Characterization of the duration of treatment with diazoxide in infants with prolonged hyperinsulinism (PHI)

Abstract

Abstract Background Prolonged neonatal hyperinsulinism (PHI) causes hypoglycemia in the neonatal period and is associated with perinatal stress. Even though diazoxide is an effective treatment option for PHI, it has serious adverse effects making an argument for safe yet expeditious wean off of diazoxide while ensuring normoglycemia. The objective of this study was to characterize clinical course, dose requirement and duration of treatment with diazoxide in our cohort of infants diagnosed with PHI. Methods A retrospective chart review of infants diagnosed with PHI during a 6-year period was done documenting the diagnostic workup and the duration of treatment with diazoxide. Results PHI was diagnosed (n = 20; mean ± standard deviation [SD]) at 14.3 ± 22.4 days. Elevated insulin (8.3 ± 8.4 mIU/L), normal cortisol (15.5 ± 6.6 μg/dL [6–21]), normal growth hormone (18.8 ± 15.7 ng/mL [0.1–6.2]) and inappropriate low serum free fatty acids (0.3 ± 0.2 mmol/L [>1.5]) levels were measured during hypoglycemia (plasma glucose <50 mg/dL). Detectable insulin at the time of hypoglycemia was measured in 17 of 20 infants while the same number (17/20) of infants had a positive glucagon stimulation test (GST).

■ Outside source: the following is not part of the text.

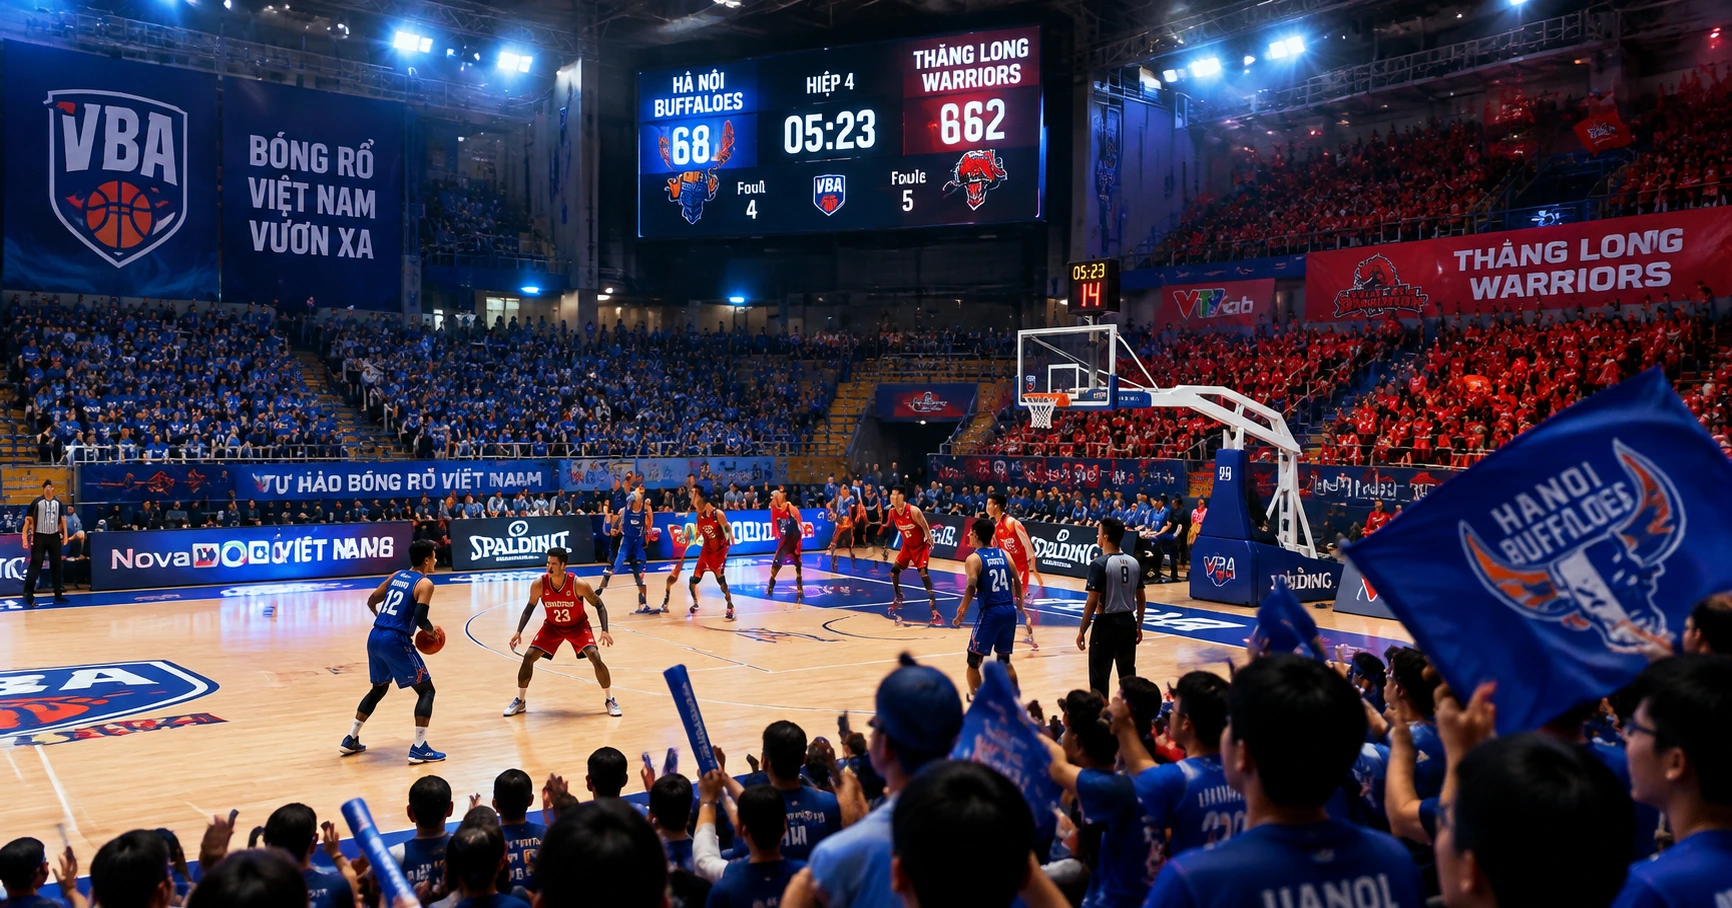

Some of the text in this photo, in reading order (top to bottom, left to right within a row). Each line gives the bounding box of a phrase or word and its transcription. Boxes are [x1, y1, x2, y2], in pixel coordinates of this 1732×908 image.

The dose of diazoxide was 10 ± 3.7 mg/kg/day and duration of treatment was 44.9 ± 27.9 days. Conclusions This study illustrates that the duration of treatment with diazoxide in infants with PHI can be shorter than previously reported in the literature. We speculate that active tapering of diazoxide started within a week after discharge from hospital as well an outpatient tapering of diazoxide based on glucose monitoring were possible reasons for this outcome.